(Data entries)
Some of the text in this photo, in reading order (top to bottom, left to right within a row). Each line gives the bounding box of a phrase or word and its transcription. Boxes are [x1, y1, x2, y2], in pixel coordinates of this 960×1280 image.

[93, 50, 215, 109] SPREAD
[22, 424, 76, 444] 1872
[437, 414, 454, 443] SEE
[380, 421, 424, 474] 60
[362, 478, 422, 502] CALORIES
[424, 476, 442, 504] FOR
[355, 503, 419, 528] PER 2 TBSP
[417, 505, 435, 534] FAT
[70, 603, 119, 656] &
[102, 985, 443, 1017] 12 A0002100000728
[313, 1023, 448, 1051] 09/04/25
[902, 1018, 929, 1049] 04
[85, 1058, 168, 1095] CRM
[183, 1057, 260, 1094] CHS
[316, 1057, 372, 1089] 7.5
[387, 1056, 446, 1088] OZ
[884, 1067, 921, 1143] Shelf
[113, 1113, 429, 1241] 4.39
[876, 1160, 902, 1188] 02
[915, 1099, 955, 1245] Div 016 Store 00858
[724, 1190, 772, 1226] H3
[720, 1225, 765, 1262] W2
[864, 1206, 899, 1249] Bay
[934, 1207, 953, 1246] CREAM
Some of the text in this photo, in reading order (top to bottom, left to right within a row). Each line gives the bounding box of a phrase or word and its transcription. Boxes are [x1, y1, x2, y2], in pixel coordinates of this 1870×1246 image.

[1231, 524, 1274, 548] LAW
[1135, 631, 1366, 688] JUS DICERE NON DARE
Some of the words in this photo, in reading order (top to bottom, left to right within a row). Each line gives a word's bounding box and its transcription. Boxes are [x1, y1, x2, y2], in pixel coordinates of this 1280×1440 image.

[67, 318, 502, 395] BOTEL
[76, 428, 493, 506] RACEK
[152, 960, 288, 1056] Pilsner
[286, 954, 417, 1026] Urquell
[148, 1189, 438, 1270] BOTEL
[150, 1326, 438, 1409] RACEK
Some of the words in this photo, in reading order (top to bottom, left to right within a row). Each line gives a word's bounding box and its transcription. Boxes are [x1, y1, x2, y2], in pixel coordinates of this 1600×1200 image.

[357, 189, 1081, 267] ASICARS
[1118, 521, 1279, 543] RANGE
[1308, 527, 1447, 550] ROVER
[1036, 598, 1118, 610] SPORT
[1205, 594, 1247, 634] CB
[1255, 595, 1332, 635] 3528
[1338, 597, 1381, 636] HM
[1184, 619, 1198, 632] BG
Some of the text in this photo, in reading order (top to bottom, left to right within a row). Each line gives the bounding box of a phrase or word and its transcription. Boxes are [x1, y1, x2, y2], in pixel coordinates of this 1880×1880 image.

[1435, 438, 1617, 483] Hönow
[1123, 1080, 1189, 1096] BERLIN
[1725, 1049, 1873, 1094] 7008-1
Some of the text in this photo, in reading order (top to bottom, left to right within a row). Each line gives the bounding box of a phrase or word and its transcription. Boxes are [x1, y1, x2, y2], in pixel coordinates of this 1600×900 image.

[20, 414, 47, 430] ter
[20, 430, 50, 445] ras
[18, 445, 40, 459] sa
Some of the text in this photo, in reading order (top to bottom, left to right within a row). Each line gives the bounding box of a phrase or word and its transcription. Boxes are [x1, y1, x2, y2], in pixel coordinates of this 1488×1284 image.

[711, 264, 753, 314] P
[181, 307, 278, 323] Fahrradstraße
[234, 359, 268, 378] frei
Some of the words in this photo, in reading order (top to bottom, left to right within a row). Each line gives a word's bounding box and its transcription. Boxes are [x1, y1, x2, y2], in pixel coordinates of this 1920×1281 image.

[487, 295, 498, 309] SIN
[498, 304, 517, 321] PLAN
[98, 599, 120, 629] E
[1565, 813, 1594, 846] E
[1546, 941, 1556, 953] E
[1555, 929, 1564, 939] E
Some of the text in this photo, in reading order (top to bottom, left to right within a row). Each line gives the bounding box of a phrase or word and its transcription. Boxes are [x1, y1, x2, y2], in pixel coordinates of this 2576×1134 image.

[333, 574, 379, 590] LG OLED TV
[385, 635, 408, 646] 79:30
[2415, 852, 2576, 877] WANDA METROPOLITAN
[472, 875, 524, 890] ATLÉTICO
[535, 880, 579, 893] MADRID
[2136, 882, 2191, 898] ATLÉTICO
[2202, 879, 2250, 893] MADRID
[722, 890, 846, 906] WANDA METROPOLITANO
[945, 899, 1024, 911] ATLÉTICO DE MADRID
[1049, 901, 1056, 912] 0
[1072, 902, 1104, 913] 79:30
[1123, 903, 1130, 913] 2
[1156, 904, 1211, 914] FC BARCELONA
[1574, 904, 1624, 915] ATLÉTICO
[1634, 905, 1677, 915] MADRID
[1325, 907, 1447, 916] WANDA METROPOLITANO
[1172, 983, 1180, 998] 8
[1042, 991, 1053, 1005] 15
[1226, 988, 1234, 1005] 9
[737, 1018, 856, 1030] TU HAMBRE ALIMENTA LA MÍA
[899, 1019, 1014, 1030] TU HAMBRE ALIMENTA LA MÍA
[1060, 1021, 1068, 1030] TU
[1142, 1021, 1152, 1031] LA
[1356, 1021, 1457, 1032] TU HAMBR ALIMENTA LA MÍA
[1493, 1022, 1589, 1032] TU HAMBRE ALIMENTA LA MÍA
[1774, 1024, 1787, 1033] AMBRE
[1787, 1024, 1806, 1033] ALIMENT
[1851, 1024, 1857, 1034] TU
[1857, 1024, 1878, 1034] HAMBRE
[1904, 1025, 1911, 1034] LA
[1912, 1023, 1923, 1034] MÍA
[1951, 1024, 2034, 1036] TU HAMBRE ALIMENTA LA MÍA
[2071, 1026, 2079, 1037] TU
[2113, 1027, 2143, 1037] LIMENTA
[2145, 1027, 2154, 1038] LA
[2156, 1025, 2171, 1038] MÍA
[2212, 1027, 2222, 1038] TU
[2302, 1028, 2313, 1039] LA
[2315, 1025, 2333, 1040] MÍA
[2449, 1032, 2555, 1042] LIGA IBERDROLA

**What the task asks:** Only an exact copy of all the data will do as the answer.

**Final answer:**
Some of the text in this photo, in reading order (top to bottom, left to right within a row). Each line gives the bounding box of a phrase or word and its transcription. Boxes are [x1, y1, x2, y2], in pixel coordinates of this 960×1280 image.

[93, 50, 215, 109] SPREAD
[22, 424, 76, 444] 1872
[437, 414, 454, 443] SEE
[380, 421, 424, 474] 60
[362, 478, 422, 502] CALORIES
[424, 476, 442, 504] FOR
[355, 503, 419, 528] PER 2 TBSP
[417, 505, 435, 534] FAT
[70, 603, 119, 656] &
[102, 985, 443, 1017] 12 A0002100000728
[313, 1023, 448, 1051] 09/04/25
[902, 1018, 929, 1049] 04
[85, 1058, 168, 1095] CRM
[183, 1057, 260, 1094] CHS
[316, 1057, 372, 1089] 7.5
[387, 1056, 446, 1088] OZ
[884, 1067, 921, 1143] Shelf
[113, 1113, 429, 1241] 4.39
[876, 1160, 902, 1188] 02
[915, 1099, 955, 1245] Div 016 Store 00858
[724, 1190, 772, 1226] H3
[720, 1225, 765, 1262] W2
[864, 1206, 899, 1249] Bay
[934, 1207, 953, 1246] CREAM
Some of the text in this photo, in reading order (top to bottom, left to right within a row). Each line gives the bounding box of a phrase or word and its transcription. Boxes are [x1, y1, x2, y2], in pixel coordinates of this 1870×1246 image.

[1231, 524, 1274, 548] LAW
[1135, 631, 1366, 688] JUS DICERE NON DARE
Some of the words in this photo, in reading order (top to bottom, left to right within a row). Each line gives a word's bounding box and its transcription. Boxes are [x1, y1, x2, y2], in pixel coordinates of this 1280×1440 image.

[67, 318, 502, 395] BOTEL
[76, 428, 493, 506] RACEK
[152, 960, 288, 1056] Pilsner
[286, 954, 417, 1026] Urquell
[148, 1189, 438, 1270] BOTEL
[150, 1326, 438, 1409] RACEK
Some of the words in this photo, in reading order (top to bottom, left to right within a row). Each line gives a word's bounding box and its transcription. Boxes are [x1, y1, x2, y2], in pixel coordinates of this 1600×1200 image.

[357, 189, 1081, 267] ASICARS
[1118, 521, 1279, 543] RANGE
[1308, 527, 1447, 550] ROVER
[1036, 598, 1118, 610] SPORT
[1205, 594, 1247, 634] CB
[1255, 595, 1332, 635] 3528
[1338, 597, 1381, 636] HM
[1184, 619, 1198, 632] BG
Some of the text in this photo, in reading order (top to bottom, left to right within a row). Each line gives the bounding box of a phrase or word and its transcription. Boxes are [x1, y1, x2, y2], in pixel coordinates of this 1880×1880 image.

[1435, 438, 1617, 483] Hönow
[1123, 1080, 1189, 1096] BERLIN
[1725, 1049, 1873, 1094] 7008-1
Some of the text in this photo, in reading order (top to bottom, left to right within a row). Each line gives the bounding box of a phrase or word and its transcription. Boxes are [x1, y1, x2, y2], in pixel coordinates of this 1600×900 image.

[20, 414, 47, 430] ter
[20, 430, 50, 445] ras
[18, 445, 40, 459] sa
Some of the text in this photo, in reading order (top to bottom, left to right within a row). Each line gives the bounding box of a phrase or word and its transcription. Boxes are [x1, y1, x2, y2], in pixel coordinates of this 1488×1284 image.

[711, 264, 753, 314] P
[181, 307, 278, 323] Fahrradstraße
[234, 359, 268, 378] frei
Some of the words in this photo, in reading order (top to bottom, left to right within a row). Each line gives a word's bounding box and its transcription. Boxes are [x1, y1, x2, y2], in pixel coordinates of this 1920×1281 image.

[487, 295, 498, 309] SIN
[498, 304, 517, 321] PLAN
[98, 599, 120, 629] E
[1565, 813, 1594, 846] E
[1546, 941, 1556, 953] E
[1555, 929, 1564, 939] E
Some of the text in this photo, in reading order (top to bottom, left to right within a row). Each line gives the bounding box of a phrase or word and its transcription. Boxes are [x1, y1, x2, y2], in pixel coordinates of this 2576×1134 image.

[333, 574, 379, 590] LG OLED TV
[385, 635, 408, 646] 79:30
[2415, 852, 2576, 877] WANDA METROPOLITAN
[472, 875, 524, 890] ATLÉTICO
[535, 880, 579, 893] MADRID
[2136, 882, 2191, 898] ATLÉTICO
[2202, 879, 2250, 893] MADRID
[722, 890, 846, 906] WANDA METROPOLITANO
[945, 899, 1024, 911] ATLÉTICO DE MADRID
[1049, 901, 1056, 912] 0
[1072, 902, 1104, 913] 79:30
[1123, 903, 1130, 913] 2
[1156, 904, 1211, 914] FC BARCELONA
[1574, 904, 1624, 915] ATLÉTICO
[1634, 905, 1677, 915] MADRID
[1325, 907, 1447, 916] WANDA METROPOLITANO
[1172, 983, 1180, 998] 8
[1042, 991, 1053, 1005] 15
[1226, 988, 1234, 1005] 9
[737, 1018, 856, 1030] TU HAMBRE ALIMENTA LA MÍA
[899, 1019, 1014, 1030] TU HAMBRE ALIMENTA LA MÍA
[1060, 1021, 1068, 1030] TU
[1142, 1021, 1152, 1031] LA
[1356, 1021, 1457, 1032] TU HAMBR ALIMENTA LA MÍA
[1493, 1022, 1589, 1032] TU HAMBRE ALIMENTA LA MÍA
[1774, 1024, 1787, 1033] AMBRE
[1787, 1024, 1806, 1033] ALIMENT
[1851, 1024, 1857, 1034] TU
[1857, 1024, 1878, 1034] HAMBRE
[1904, 1025, 1911, 1034] LA
[1912, 1023, 1923, 1034] MÍA
[1951, 1024, 2034, 1036] TU HAMBRE ALIMENTA LA MÍA
[2071, 1026, 2079, 1037] TU
[2113, 1027, 2143, 1037] LIMENTA
[2145, 1027, 2154, 1038] LA
[2156, 1025, 2171, 1038] MÍA
[2212, 1027, 2222, 1038] TU
[2302, 1028, 2313, 1039] LA
[2315, 1025, 2333, 1040] MÍA
[2449, 1032, 2555, 1042] LIGA IBERDROLA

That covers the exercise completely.